For services that value privacy, like Signal, that's unacceptable. So Signal tried a lot of potential techniques to solve this before they finally settled on taking the uploads, but promising not to peek by using SGX. But as idle weekend park cryptographers, we thought it would be fun to revisit some of the discarded possibilities.

We noticed that one of the options they dismiss as insufficiently scalable, which they called an "encrypted Bloom filter", is very similar to the first version of our earlier Privacy Pass scheme.

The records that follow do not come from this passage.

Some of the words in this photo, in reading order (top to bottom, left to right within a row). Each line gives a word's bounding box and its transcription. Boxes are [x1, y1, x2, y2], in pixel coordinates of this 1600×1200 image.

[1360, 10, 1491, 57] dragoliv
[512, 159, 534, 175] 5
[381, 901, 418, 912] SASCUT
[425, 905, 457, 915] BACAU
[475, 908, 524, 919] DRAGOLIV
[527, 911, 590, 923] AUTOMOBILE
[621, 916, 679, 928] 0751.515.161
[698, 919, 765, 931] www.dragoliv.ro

In that version, we also used blind RSA signatures, and like Signal we determined that they weren't suitable for mass deployment since they're slow to calculate and quite large on the wire (~2kb per signature). For Privacy Pass we solved that problem by replacing blind RSA with a new primitive called an oblivious pseudorandom function ("OPRF"), obtaining roughly an order-of-magnitude performance improvement and hauling the whole idea right into the realm of practicality. So why not try the same thing here?

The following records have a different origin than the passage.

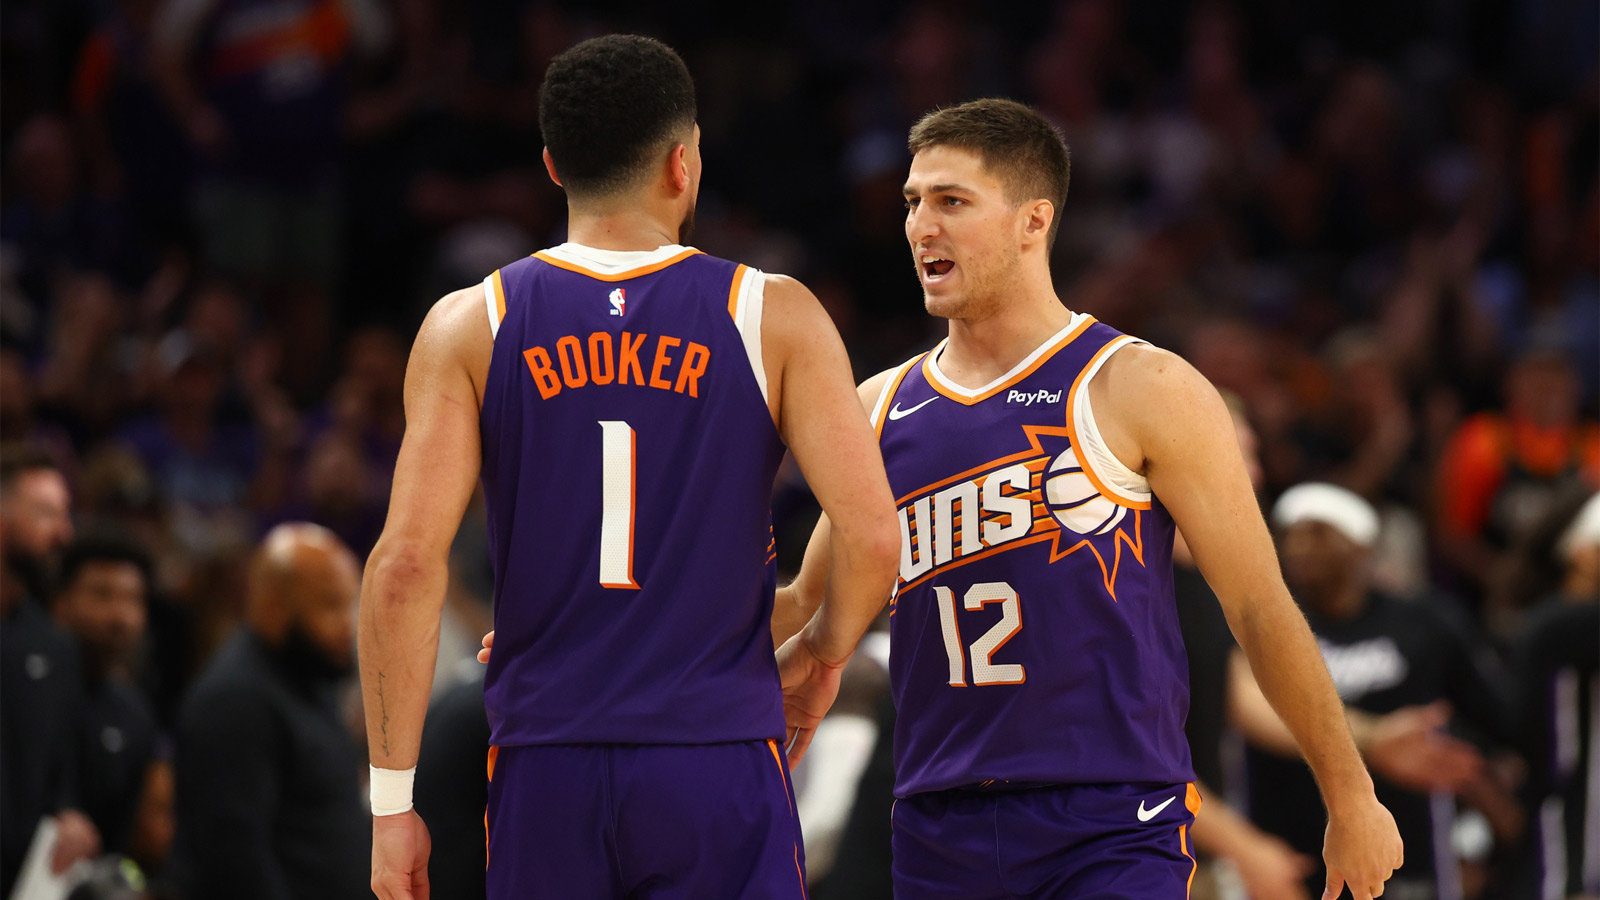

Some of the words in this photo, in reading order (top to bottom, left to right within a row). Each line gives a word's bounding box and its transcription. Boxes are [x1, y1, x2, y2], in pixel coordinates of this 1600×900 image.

[522, 331, 711, 400] BOOKER
[1006, 389, 1062, 407] PayPal
[597, 420, 642, 590] 1
[932, 581, 1026, 687] 12
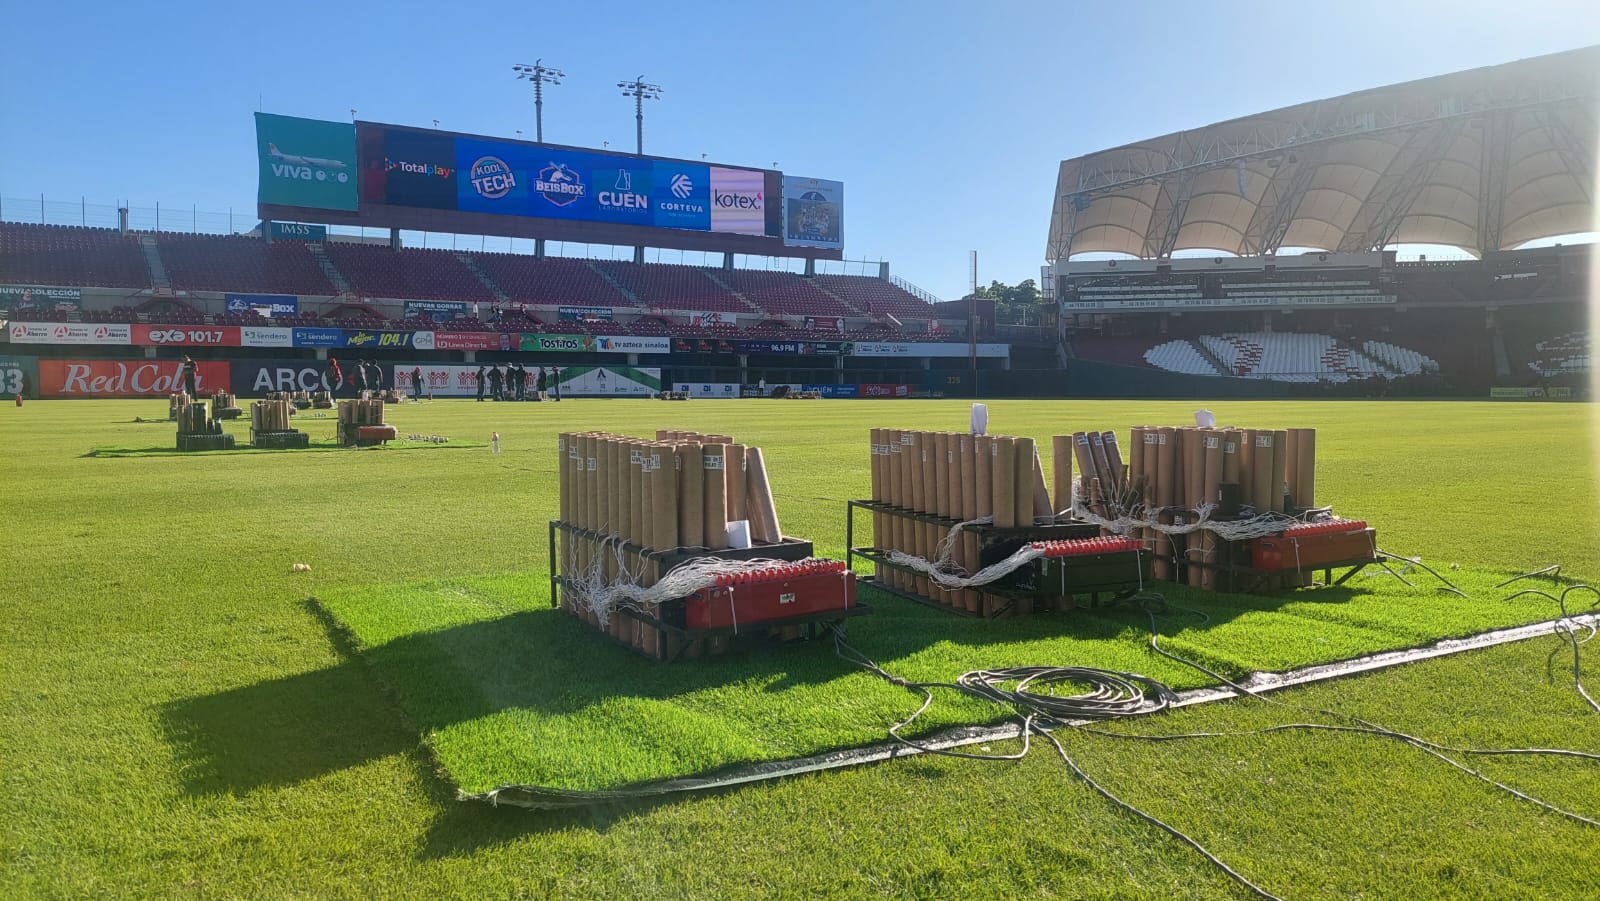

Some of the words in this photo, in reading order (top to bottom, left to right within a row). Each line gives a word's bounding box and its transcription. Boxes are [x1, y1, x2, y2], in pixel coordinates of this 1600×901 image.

[400, 161, 450, 179] Totalplay
[476, 163, 502, 176] KOOL
[472, 173, 516, 194] TECH
[598, 191, 648, 209] CUÉN
[660, 202, 703, 213] CORTEVA
[281, 223, 310, 235] IMSS
[187, 330, 224, 343] 101.7
[378, 333, 410, 346] 104.1
[59, 362, 127, 392] Red

Since this idea is a fairly practical example of private information retrieval, which is often considered to be impractical, I realized our solution might be generally interesting enough to write down.

Therefore, our form of private set queries works as follows.

The Scheme

We assume a prime-order group with a standard generator G and a deterministic map from bitstrings to group elements we'll call HashToGroup. I recommend the ristretto255 group for practical implementations.

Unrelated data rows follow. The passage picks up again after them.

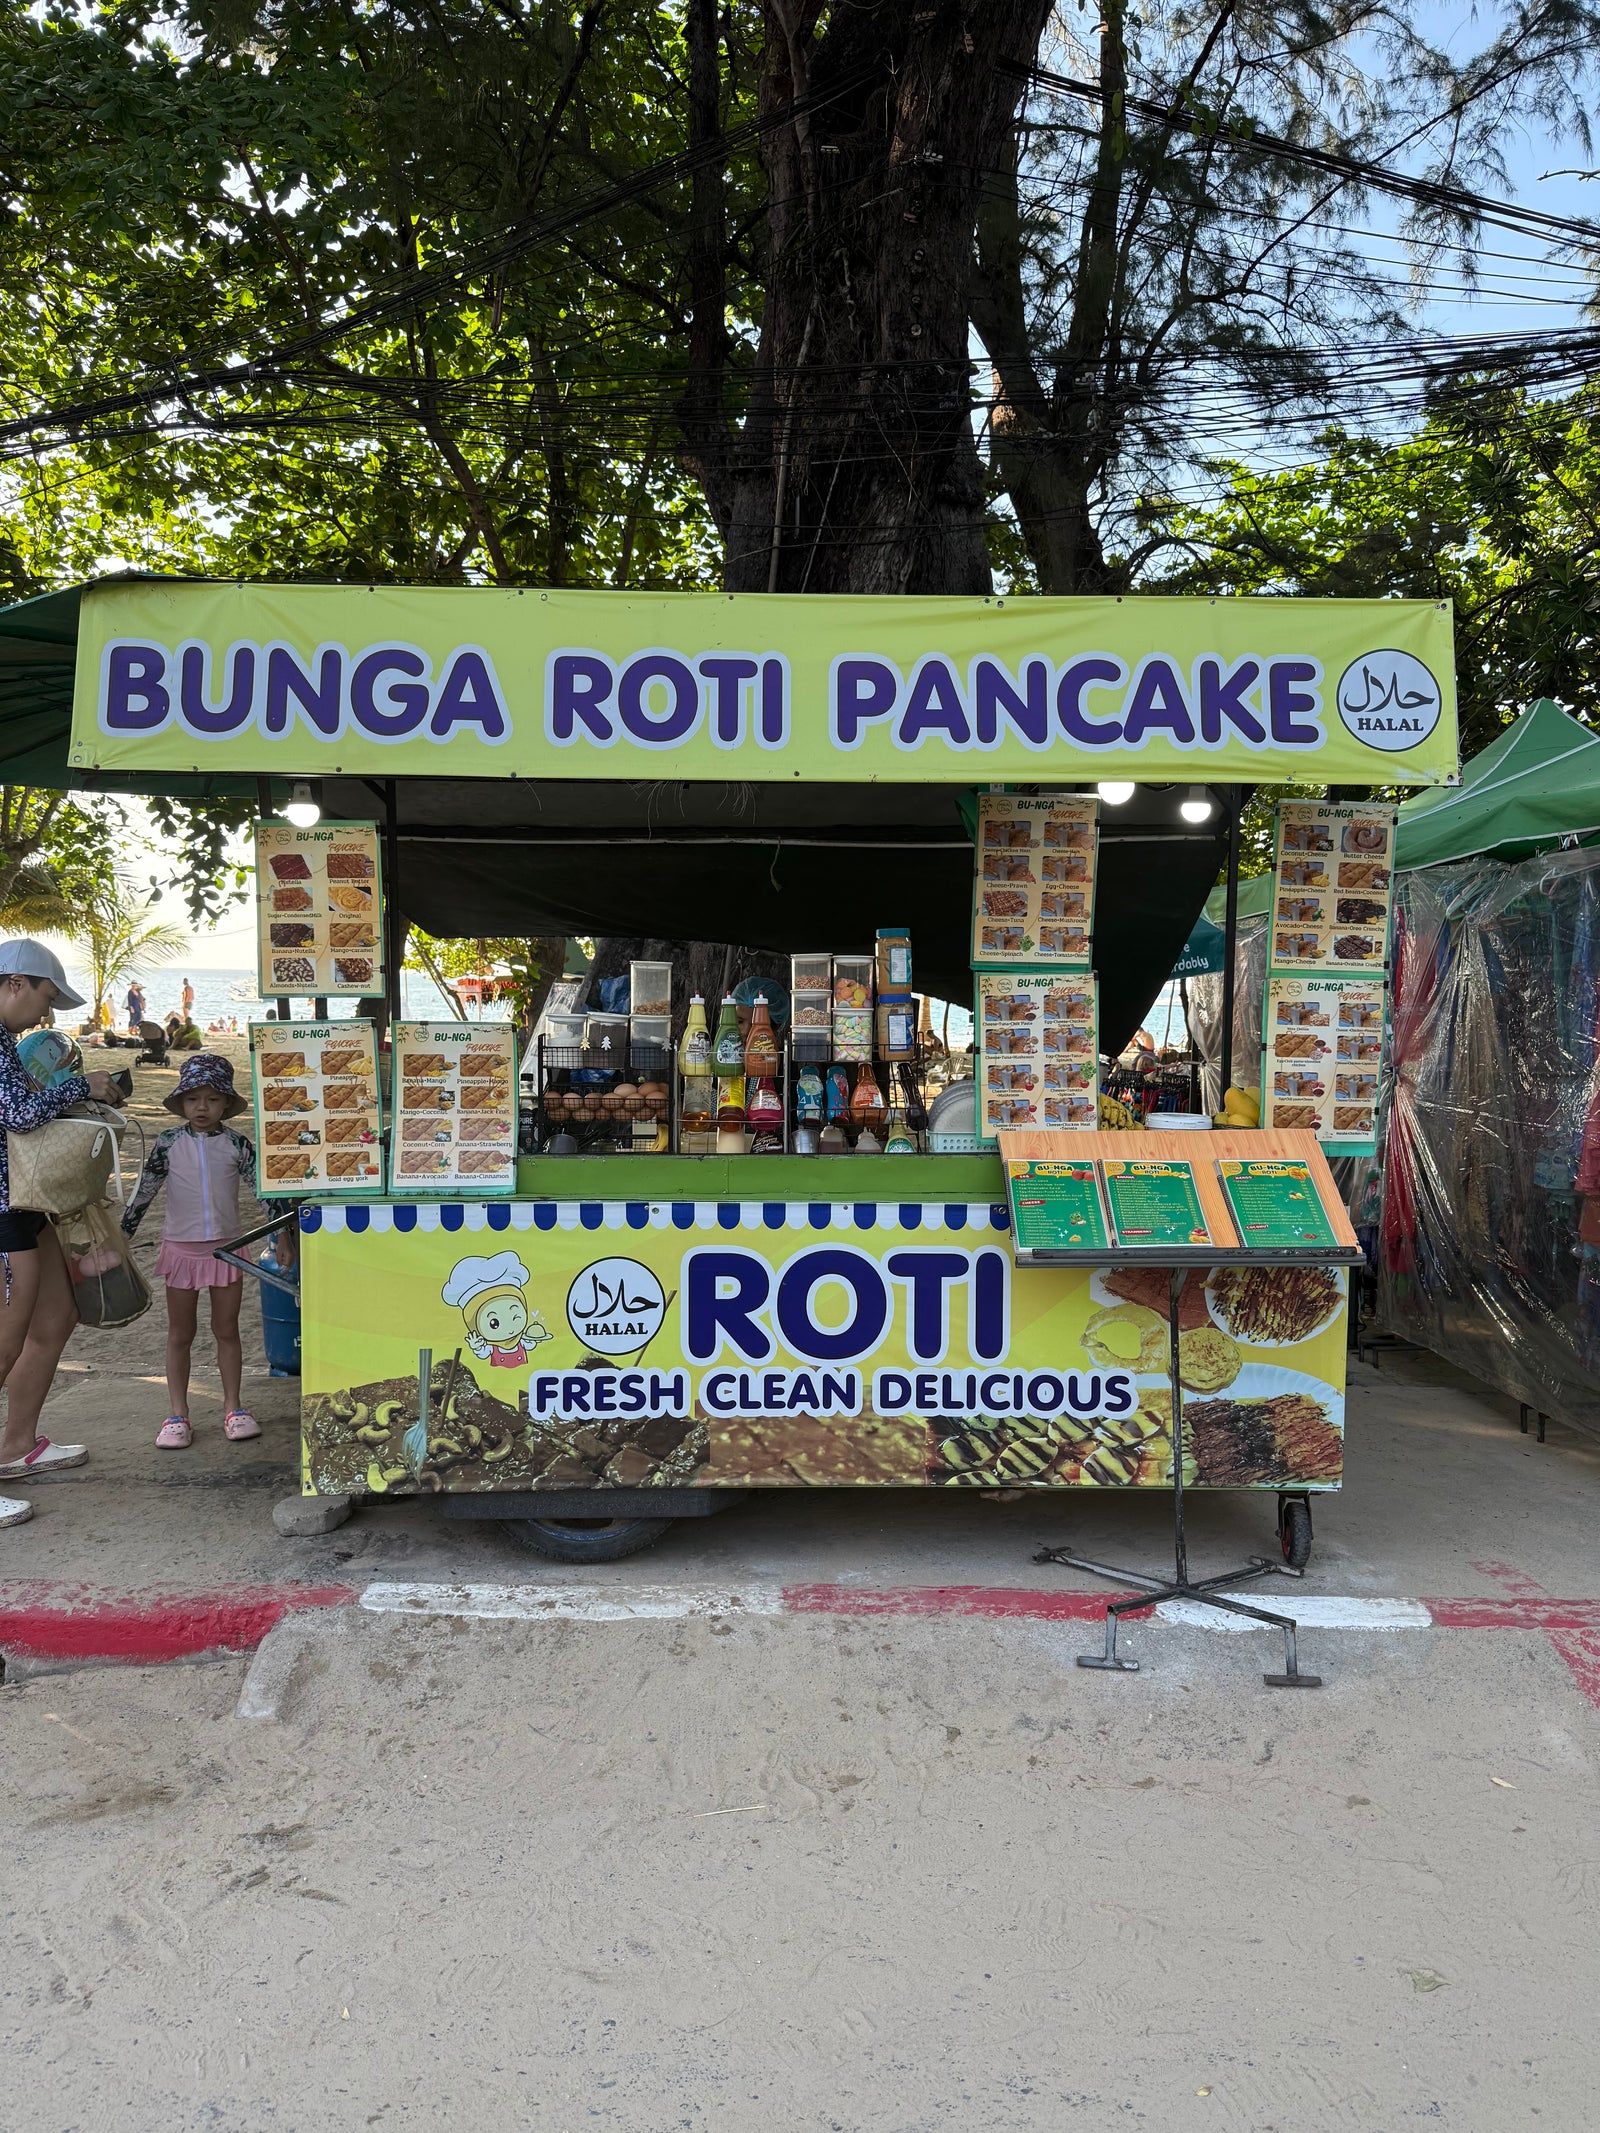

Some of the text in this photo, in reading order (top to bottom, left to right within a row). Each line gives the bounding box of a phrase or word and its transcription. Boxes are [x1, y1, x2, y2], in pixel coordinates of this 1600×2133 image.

[1343, 664, 1436, 712] حلال
[104, 644, 1320, 745] BUNGA ROTI PANCAKE
[1357, 717, 1424, 731] HALAL
[1017, 800, 1055, 810] BU-NGA
[1317, 808, 1354, 818] BU-NGA
[296, 831, 334, 841] BU-NGA
[1017, 978, 1054, 988] BU-NGA
[1307, 982, 1344, 992] BU-NGA
[292, 1029, 331, 1039] BU-NGA
[434, 1032, 472, 1042] BU-NGA
[572, 1272, 661, 1319] حلال
[687, 1249, 1004, 1360] ROTI
[584, 1322, 649, 1336] HALAL
[536, 1373, 1132, 1412] FRESH CLEAN DELICIOUS

First, the server samples a blinding factor k randomly from the scalar field.

Then for each registered phone number, the server will:

  1. Calculate T = HashToGroup(number) such that the discrete log T/G is unknown.
  2. Blind T to produce U = kT.
  3. Add U to a Bloom filter tuned for a low false positive rate.

Then, the client downloads this Bloom filter.

To query the Bloom filter, the client

  1. Samples blinding factor b randomly from the scalar field.
  2. Calculates T = HashToGroup(number)
  3. Blind T to produce V = bT using the blinding factor b.
  4. Sends V to the server. Subject to optional authentication, rate limiting, etc the server replies with W = kV.
  5. Unblinds W by inverting the blinding factor.

If the numbers match then the user will arrive at the same element U as the server included in the Bloom filter via the following derivation:

(1/b)W 	= (1/b)(kV)
	= (1/b)(kb)T
	= (1/b)(b)(k)T
	= kT
	= U

Arriving at the same group element allows the client to query the Bloom filter!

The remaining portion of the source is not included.